Der schwedische Streifen „Songs of the Second Floor“ war ja kürzlich auf der von Arkschi geposteten Liste, der „total bizarren 2000er Filme, die man vermutlich übersehen hat“ und in diesem Fall hat der Ersteller der Liste auch nicht zu viel versprochen. Roy Andersson präsentiert dem Zuschauer eine Ansammlung sehr schräger Momente und seltsamer Charaktere, irgendwo zwischen Drama, schwarzer Komödie, Sozialstudie und Gaga, dass seine alternden Darsteller in einer entrückten, farbarmen und namenlosen Plattenbau-Welt zeigt, in der so etwas wie Glück und Zufriedenheit längst abhandengekommen zu sein scheint. Stattdessen quält man sich tagtäglich in die Arbeit und setzt sich selbst unter Druck, ohne offenbar zu wissen, dass man schon längst einer kollektiven Leistungs-Idee erlegen ist, die die Menschheit ohnehin geradewegs in den Abgrund führt. Im Falle von „Songs of the Second Floor“ ist es dann auch sinnbildlich ein junges Mädchen, das für die falschen Ideale vorangegangenen Generationen über die Klippe springen muss bzw. geopfert wird, während die Gesellschaft munter weiter an ihrem eigenen Abgesang arbeitet. Alles in „Songs of the Second Floor“ ist dabei sperrig und rätselhaft und Roy Andersson besitzt wohl nicht nur ein sehr seltsames Humorverständnis, sondern hat wohl jahrzehntelang an den Ideen zu seiner gesellschaftlichen Parabel gearbeitet, mit Darstellern improvisiert und dann seine Settings im Studio nachgebaut. Das Ergebnis kann sich aber durchaus sehen lassen und herausgekommen ist ein schräges, aber auch sehr forderndes Stück Kino, das nicht nur vollkommen am Mainstream vorbeigeht, sondern über das man wohl auch wochenlang diskutieren könnte.

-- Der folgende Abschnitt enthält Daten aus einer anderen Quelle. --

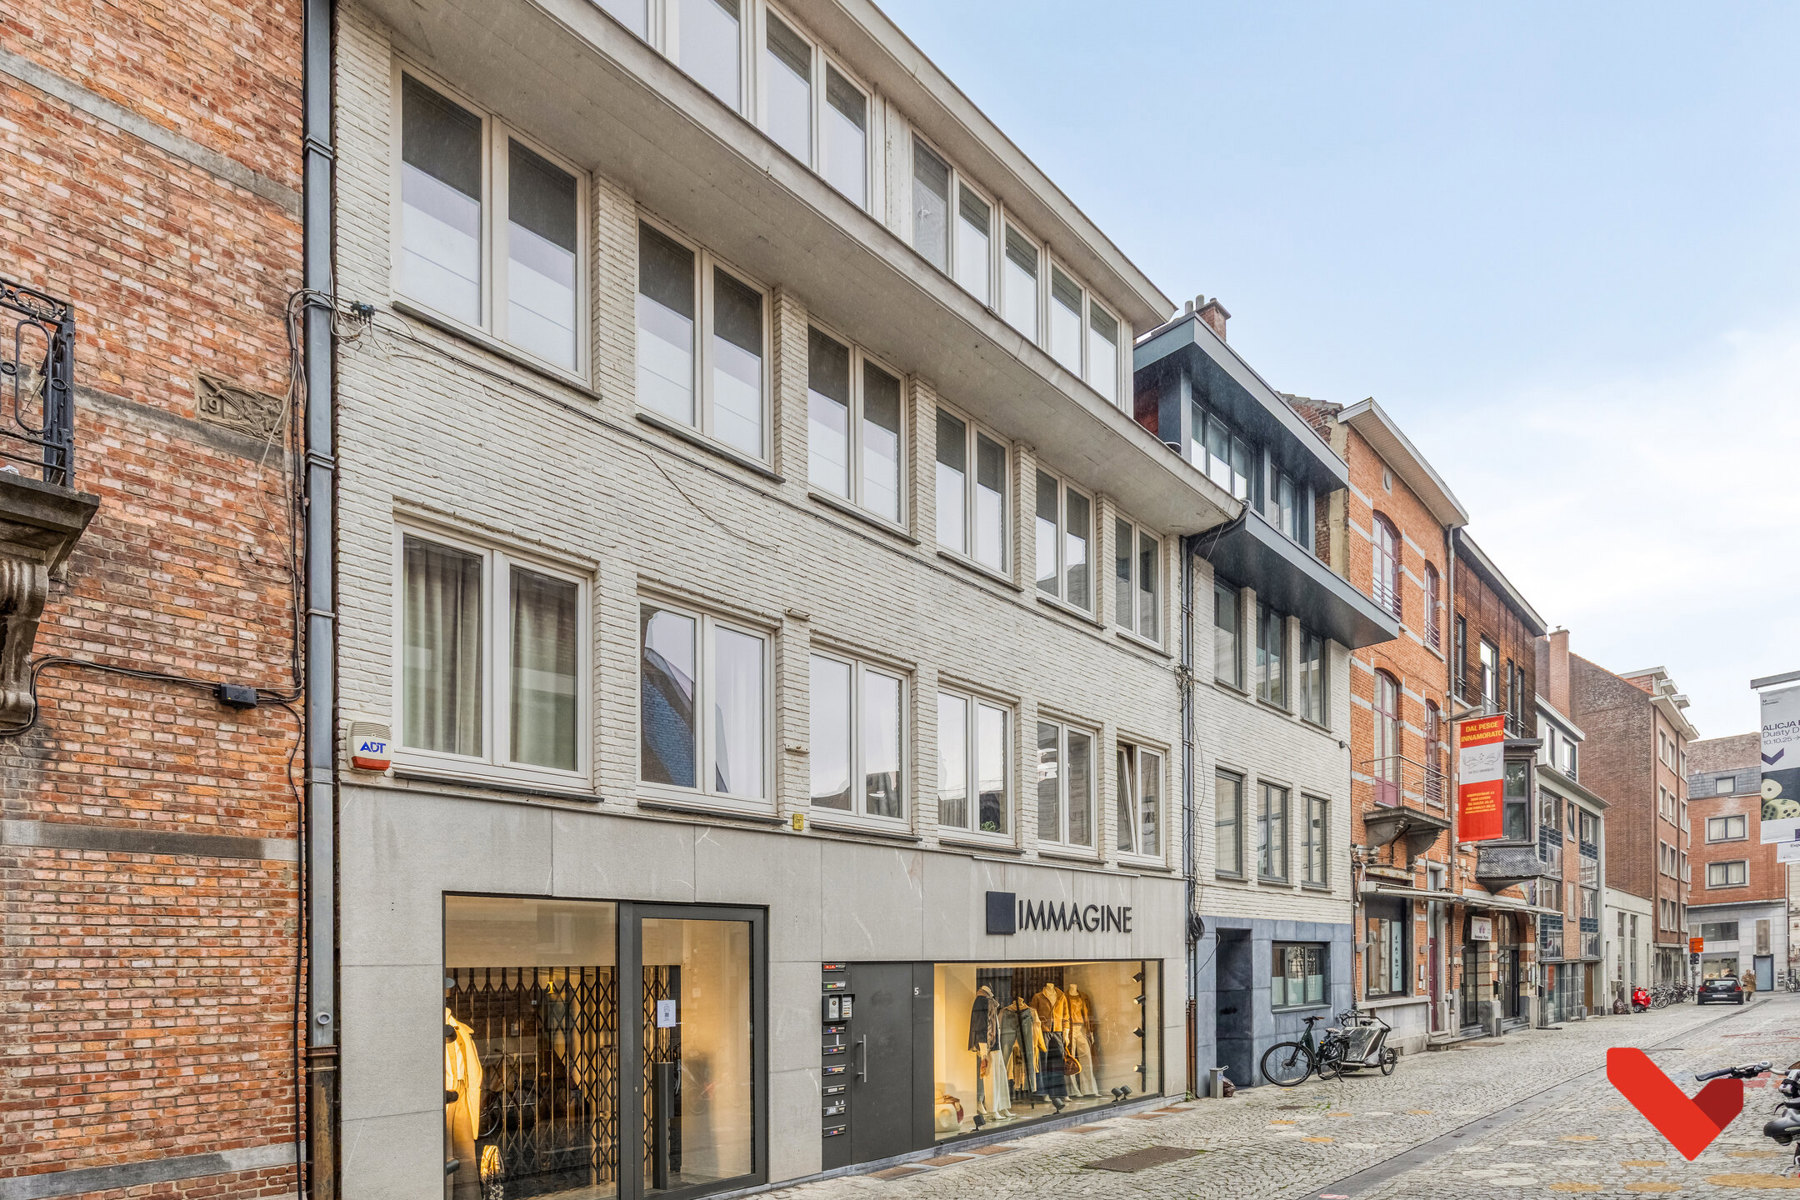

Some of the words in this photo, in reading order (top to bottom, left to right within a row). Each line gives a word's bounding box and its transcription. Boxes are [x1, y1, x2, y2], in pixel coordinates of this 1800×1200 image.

[1479, 721, 1498, 730] PESCE
[1762, 720, 1797, 732] ALICJA
[1461, 730, 1503, 742] INNAMORATO
[1762, 729, 1790, 738] Dusty
[360, 741, 386, 754] ADT
[1018, 899, 1133, 933] IMMAGINE
[914, 987, 920, 996] 5

Re: Friedhof ohne Kreuze - das Jess Rollin-Tribute-Filmtagebuch

Verfasst: Do 22. Jun 2017, 18:58
von jogiwan
Gandahar

Bild

Auf dem von weiblicher Hand regierten und fernen Planeten Gandahar lebt die Bevölkerung halbnackt und glücklich und im perfekten Einklang mit der reichhaltigen Natur. Als eines Tages jedoch an einer entlegenen Stelle Gandahars metallene Soldaten auftauchen, die das friedliche Volk aus unbestimmten Gründen angreift und in Stein verwandelt, wird der Soldat Sylvain von dem weiblichen Führungszirkel ausgewählt um der Sache auf den Grund zu gehen. Dieser stößt bei seinen Ermittlungen zuerst auf ein Volk missgebildeter Menschen mit mentalen Fähigkeiten, die im Untergrund leben und übersteht gemeinsam mit der hübschen Airelle einen Angriff und Entführung der fremden Soldaten, die fortan nicht mehr von seiner Seite weicht. Wenig später wird jedoch auch die Hauptstadt von Gandahar angegriffen und der Kampf gegen die Armee scheint aussichtlos, als Sylvain erkennt, dass die Bedrohung aus der Zukunft stammt und daher der Schlüssel zur Lösung ebenfalls in dieser zu suchen ist...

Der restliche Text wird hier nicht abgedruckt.